There's also another implicit register called
accumulator, which is stored in the machine's registers, where all the input or output should go, this means the results of operations and variable loadings
Reading that bytecode we have these set of instructions:
LdaSmi #100 -> Load constant 100 into the accumulator (Smi is Small Integer) Sub a2 -> Subtract the constant we loaded from the a2 parameter (which is c) and store in the accumulator Star r0 -> Store the value in the accumulator into r0 Ldar a1 -> Read the value of the a1 parameter (b) and store into the accumulator Mul r0 -> Multiply r0 by the accumulator and store the result also in the accumulator Add a0 -> Adds the first parameter a0 (a) into the accumulator and stores the result in the accumulator Return -> Return
We'll talk about bytecodes in depth in our next article
After walking the AST, the generated bytecode is fed one at a time to an optimisation pipeline. So before Ignition can interpret anything, some optimisation techniques like register optimisation, peephole optimisations and dead code removal are applied by the parser.
The optimisation pipeline is sequential, which makes possible for Ignition to read smaller bytecode and interpret more optimized code.
So this is the full pipeline before from the parser to Ignition:
The bytecode generator happens to be another compiler which compiles to bytecode instead of machine code, which can be executed by the interpreter.
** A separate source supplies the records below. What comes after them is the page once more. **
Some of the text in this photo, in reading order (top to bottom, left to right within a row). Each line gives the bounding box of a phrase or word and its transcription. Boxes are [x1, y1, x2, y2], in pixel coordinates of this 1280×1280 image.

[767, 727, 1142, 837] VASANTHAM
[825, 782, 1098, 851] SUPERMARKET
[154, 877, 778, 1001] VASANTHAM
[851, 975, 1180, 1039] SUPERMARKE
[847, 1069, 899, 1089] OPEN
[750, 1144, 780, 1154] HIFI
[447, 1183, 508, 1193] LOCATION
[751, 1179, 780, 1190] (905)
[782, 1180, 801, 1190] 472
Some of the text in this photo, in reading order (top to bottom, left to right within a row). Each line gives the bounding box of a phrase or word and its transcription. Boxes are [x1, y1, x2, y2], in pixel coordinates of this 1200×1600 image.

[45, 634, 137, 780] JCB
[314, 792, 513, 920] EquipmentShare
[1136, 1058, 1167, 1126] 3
Ignition is not written in C++ since it'd need trampolines between interpreted and JITed functions, since the call conventions are different.
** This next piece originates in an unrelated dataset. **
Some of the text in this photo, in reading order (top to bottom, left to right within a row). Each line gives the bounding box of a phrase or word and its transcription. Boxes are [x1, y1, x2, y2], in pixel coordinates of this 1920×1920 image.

It's also not written in hand-crafted assembly, like a lot of things in V8, because it'd need to be ported to 9 different architectures, which is not practical.
Rather than doing that stuff, Ignition is basically written using the backend of the TurboFan compiler, a write-once macro assembler and compiles to all architectures. And also, we can have the low level optimisations that TurboFan generates for free.
The whole problem with this, besides the technical complexity, is that the language features should be implemented in different parts of the pipeline and all those pipelines should be compatible with each other, including the code optimisations they all generated. V8 used this compiling pipeline for a while, when TurboFan couldn't actually handle all the use cases, but, eventually, this pipeline was replaced by this other one:
As we saw in the previous chapter, Ignition came to interpret the parsed JS code into bytecode, which became the new source of truth for all compilers in the pipeline, the AST was no longer the single source of truth which all compilers relied on while compiling code. This simple change made possible a number of different optimisation techniques such as the faster removal of dead code and also a lot smaller memory and startup footprint.
Aside of that, TurboFan is clearly divided into 3 separate layers: the frontend, the optimizing layer and the backend.
The frontend layer is responsible for the generation of bytecode which is run by the Ignition interpreter, the optimizing layer is responsible solely for optimizing code using the TurboFan optimizing compiler. All other lower level tasks, such as low level optimisations, scheduling and generation of machine code for supported architectures is handled by the backend layer - Ignition also relies on TurboFan's backend layer to generate its bytecode. The separation of the layers alone led to 29% less machine-specific code than before.
the solution to this was out of TurboFan or Crankshaft scope, this was solved by creating Ignition. Optimizing the bytecode generated by the parser led to a much smaller AST, which led to a smaller bytecode which finally led to a much smaller memory footprint, since further optimisations could be deferred to a later time. And executing code a while longer led to more type-feedback to the optimizing compiler and finally this led to less deoptimisations due to wrong type-feedback information.